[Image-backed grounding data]
------------------------------------------------------------------------

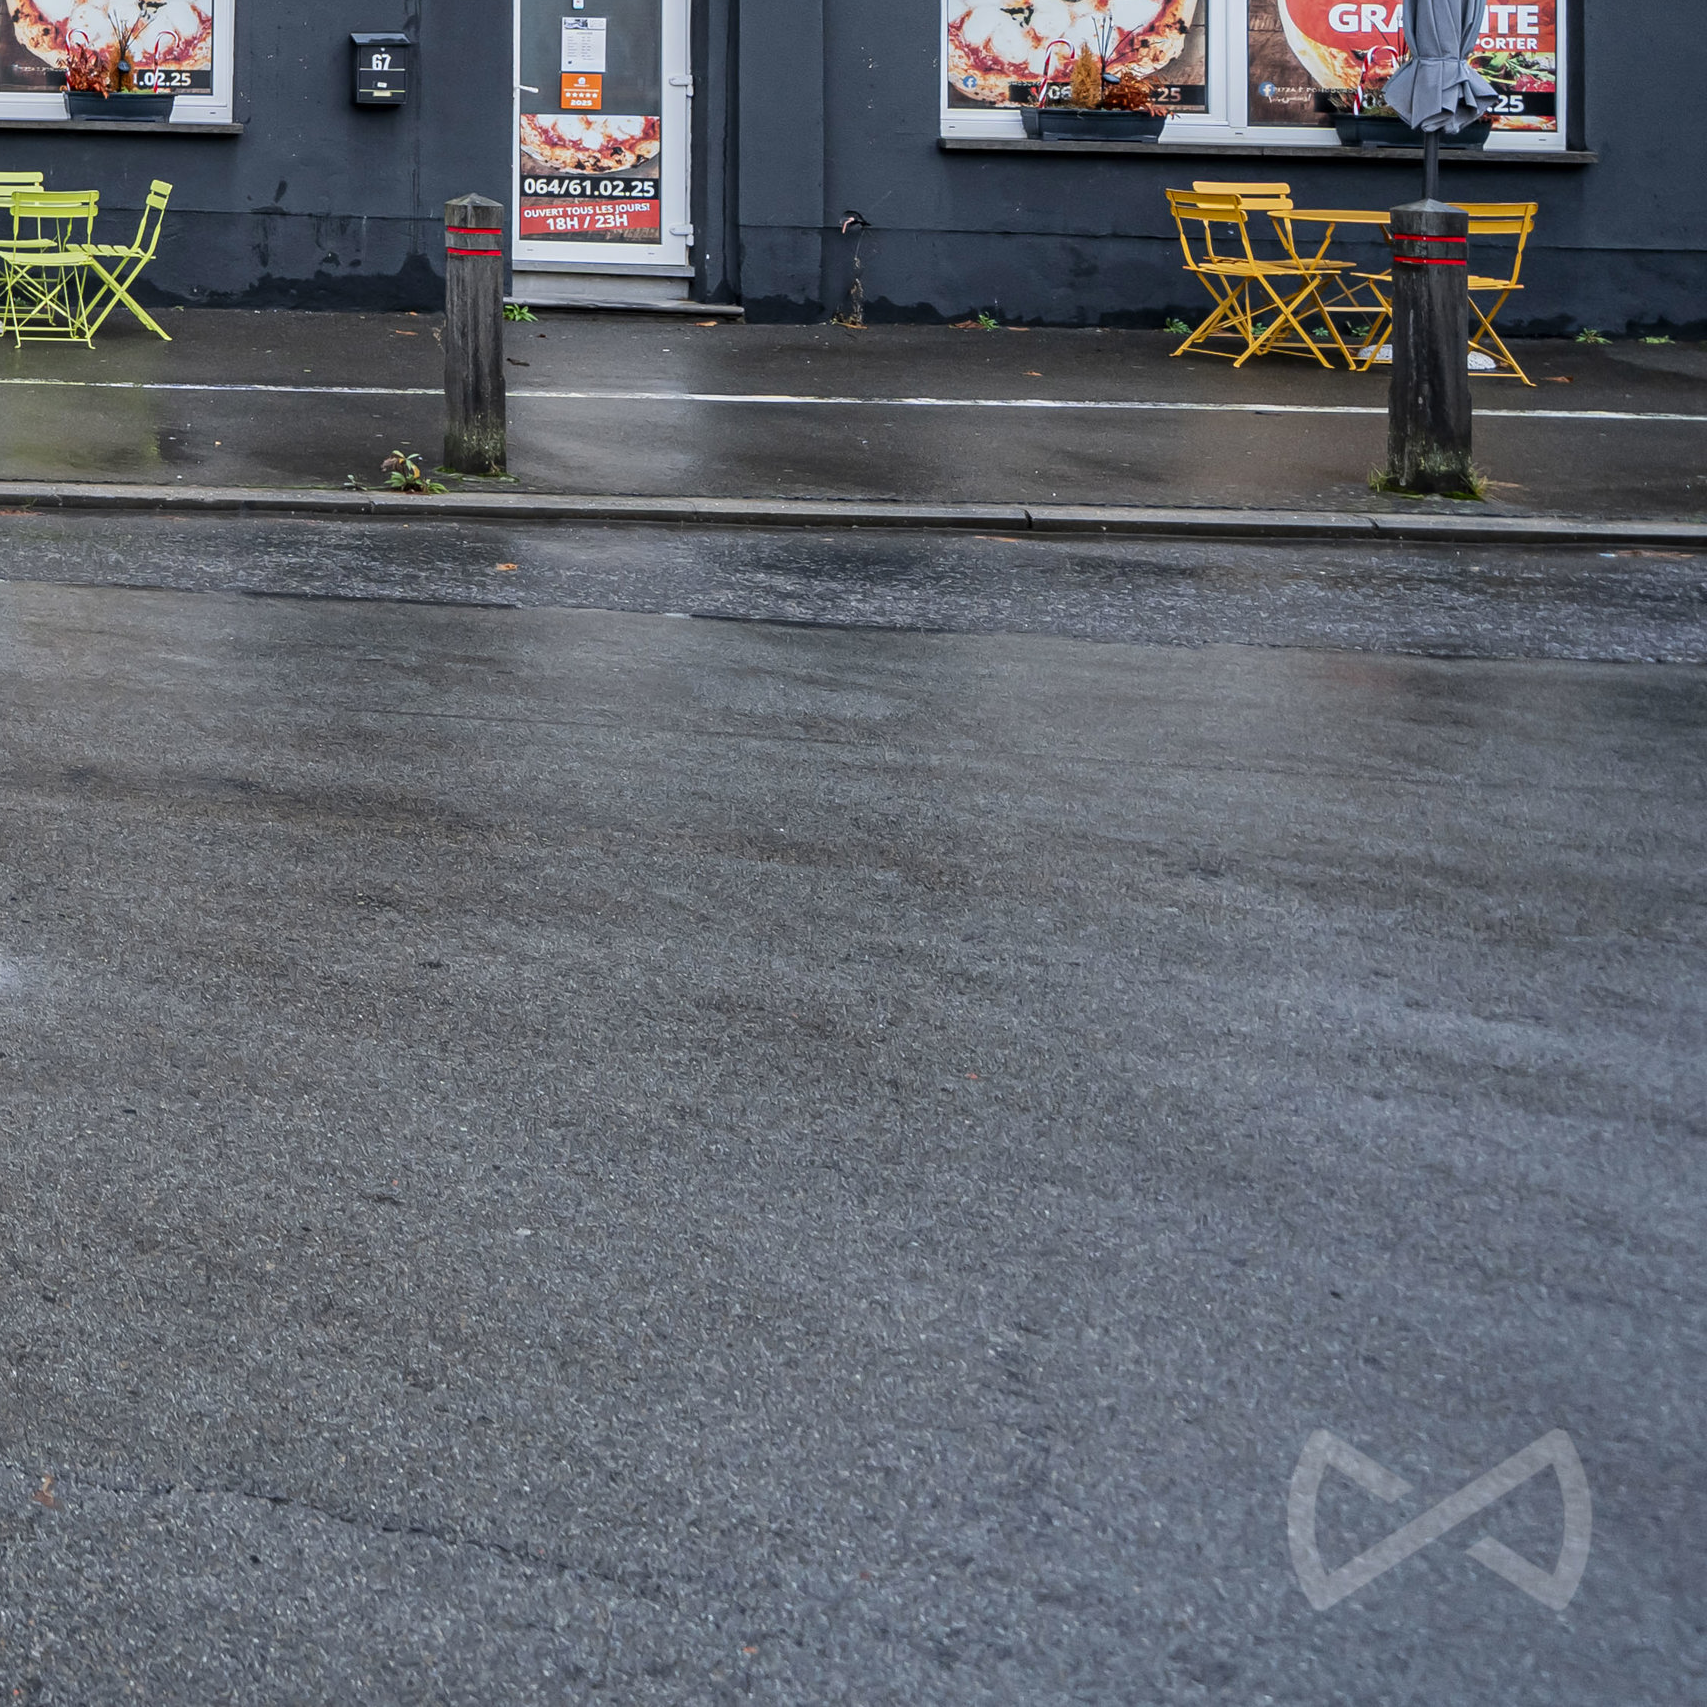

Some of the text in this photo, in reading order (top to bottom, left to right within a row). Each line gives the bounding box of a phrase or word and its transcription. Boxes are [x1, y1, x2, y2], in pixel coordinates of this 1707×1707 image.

[1328, 3, 1539, 34] GRAITE
[1476, 36, 1538, 50] ORTER
[372, 53, 392, 70] 67
[523, 178, 656, 197] 064/61.02.25
[523, 203, 650, 218] OUVERT TOUS LES JOURS!
[546, 214, 628, 230] 18H / 23H
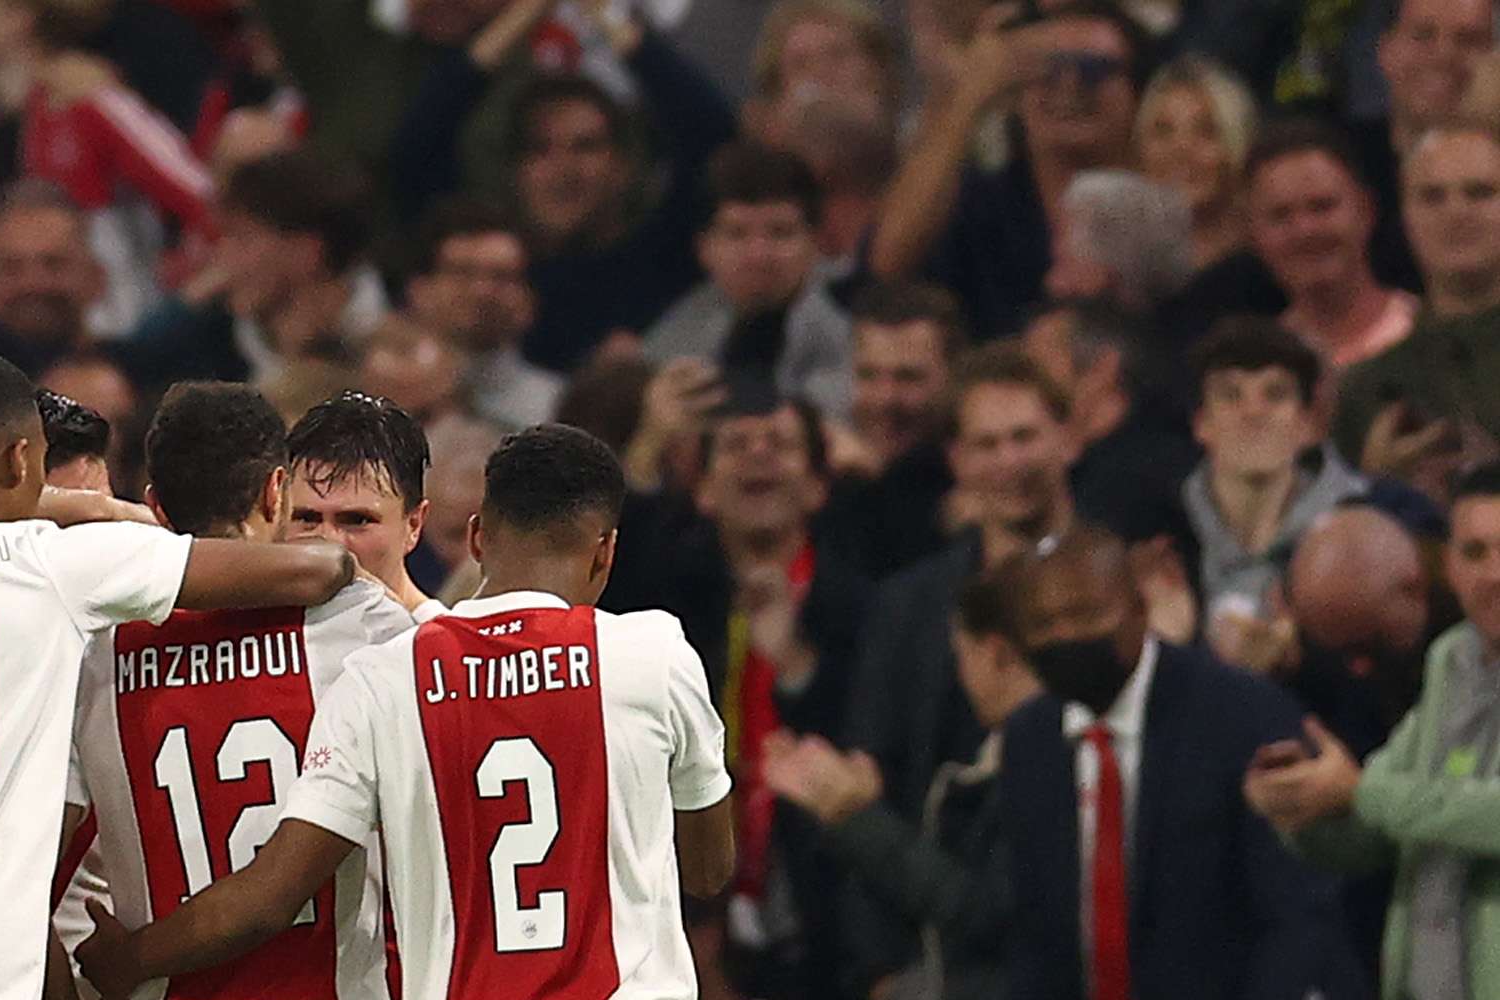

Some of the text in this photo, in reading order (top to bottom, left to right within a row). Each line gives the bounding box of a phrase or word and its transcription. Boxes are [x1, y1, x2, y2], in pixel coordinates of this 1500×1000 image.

[117, 630, 301, 694] MAZRAOUI
[154, 717, 317, 926] 12
[476, 736, 567, 953] 2
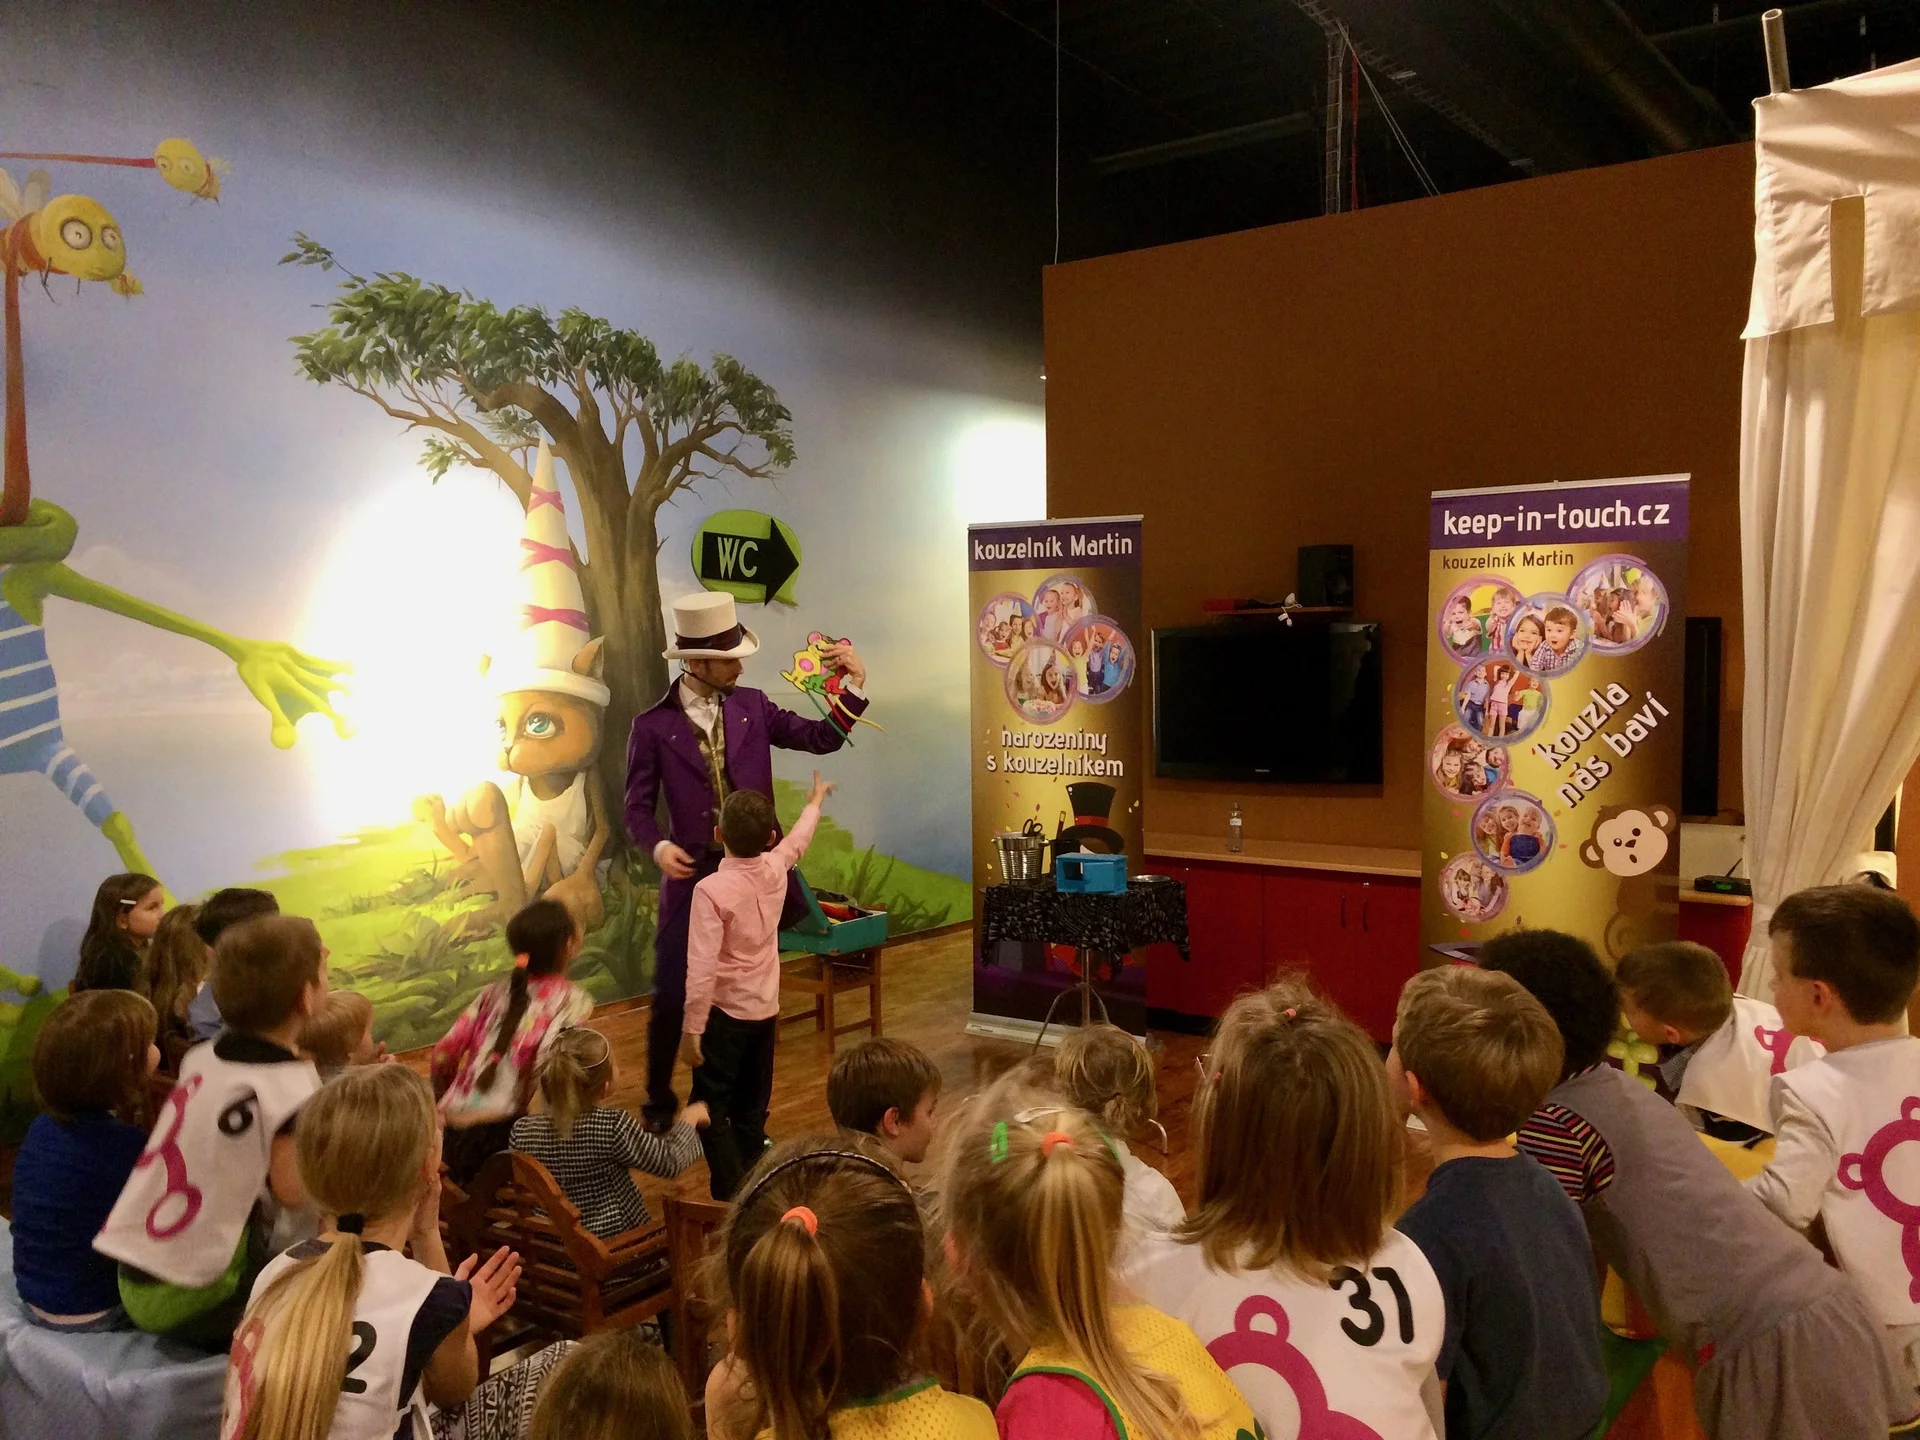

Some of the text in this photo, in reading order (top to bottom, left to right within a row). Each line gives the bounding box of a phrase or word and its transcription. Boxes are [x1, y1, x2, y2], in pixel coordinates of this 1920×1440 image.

[1444, 500, 1670, 539] keep-in-touch.cz
[717, 536, 758, 579] WC
[974, 533, 1133, 560] kouzelník Martin
[1442, 551, 1574, 570] kouzelník Martin
[1001, 728, 1107, 755] narozeniny
[1537, 681, 1630, 770] kouzla
[986, 752, 1124, 777] s kouzelníkem
[1555, 691, 1670, 809] nás baví
[1328, 1265, 1415, 1347] 31
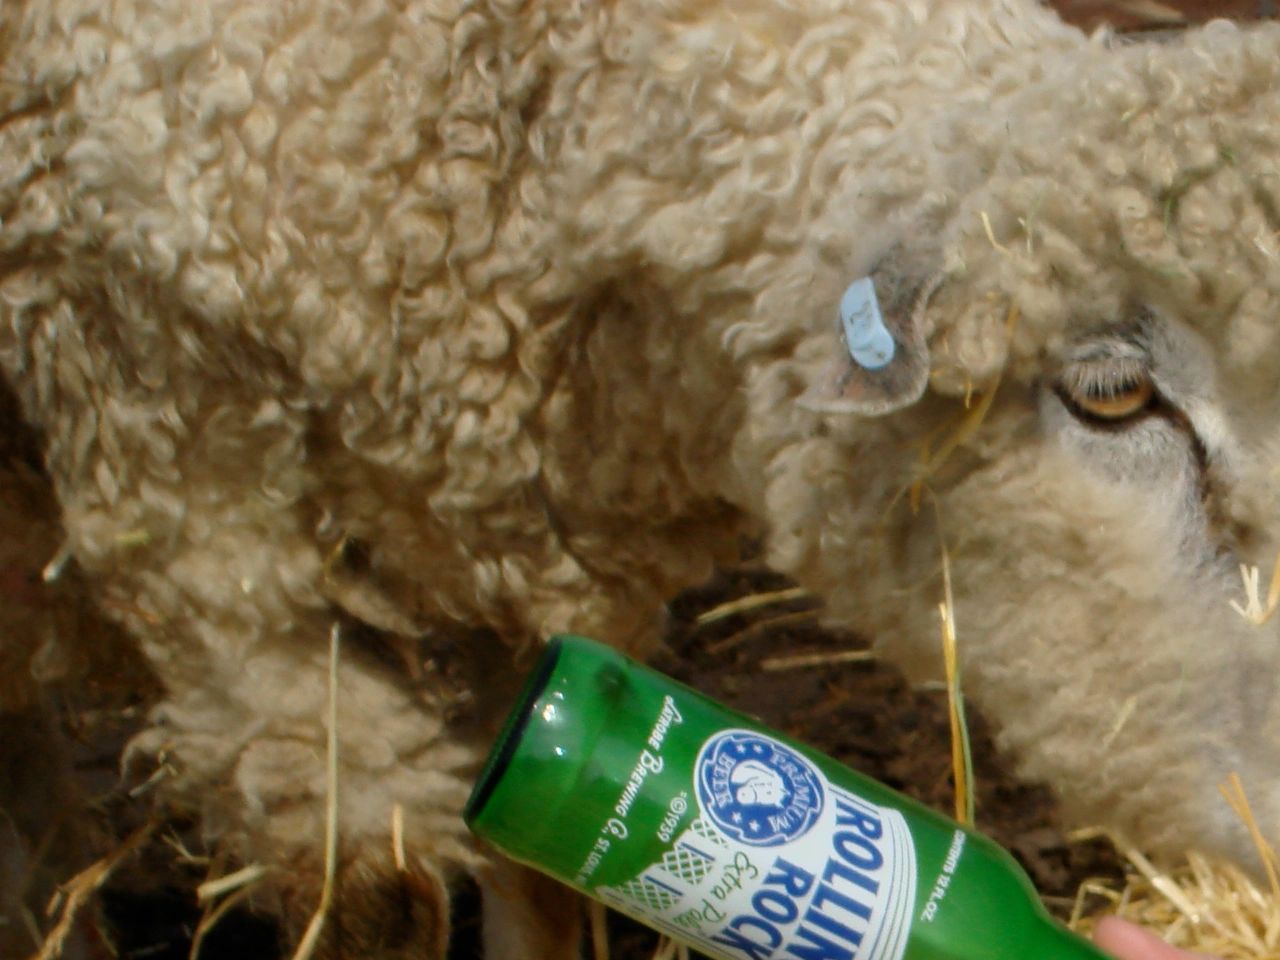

------------------------------------------------------------------------

WHAT YOU ARE ASKED TO DO: Every last line above must be reproduced as written, and no pictures belong in the copy.

WORKED SOLUTION:
Some of the text in this photo, in reading order (top to bottom, left to right within a row). Each line gives the bounding box of a phrase or word and its transcription. Boxes are [x1, y1, x2, y2], in pixel coordinates of this 1707×1707 image.

[1328, 3, 1539, 34] GRAITE
[1476, 36, 1538, 50] ORTER
[372, 53, 392, 70] 67
[523, 178, 656, 197] 064/61.02.25
[523, 203, 650, 218] OUVERT TOUS LES JOURS!
[546, 214, 628, 230] 18H / 23H

Some of the text in this photo, in reading order (top to bottom, left to right within a row). Each line gives the bounding box of a phrase or word and its transcription. Boxes are [x1, y1, x2, y2], in pixel coordinates of this 1500×1000 image.

[117, 630, 301, 694] MAZRAOUI
[154, 717, 317, 926] 12
[476, 736, 567, 953] 2

Some of the text in this photo, in reading order (top to bottom, left to right within a row). Each line gives the bounding box of a phrase or word and its transcription. Boxes are [x1, y1, x2, y2], in pixel coordinates of this 1920×1440 image.

[1444, 500, 1670, 539] keep-in-touch.cz
[717, 536, 758, 579] WC
[974, 533, 1133, 560] kouzelník Martin
[1442, 551, 1574, 570] kouzelník Martin
[1001, 728, 1107, 755] narozeniny
[1537, 681, 1630, 770] kouzla
[986, 752, 1124, 777] s kouzelníkem
[1555, 691, 1670, 809] nás baví
[1328, 1265, 1415, 1347] 31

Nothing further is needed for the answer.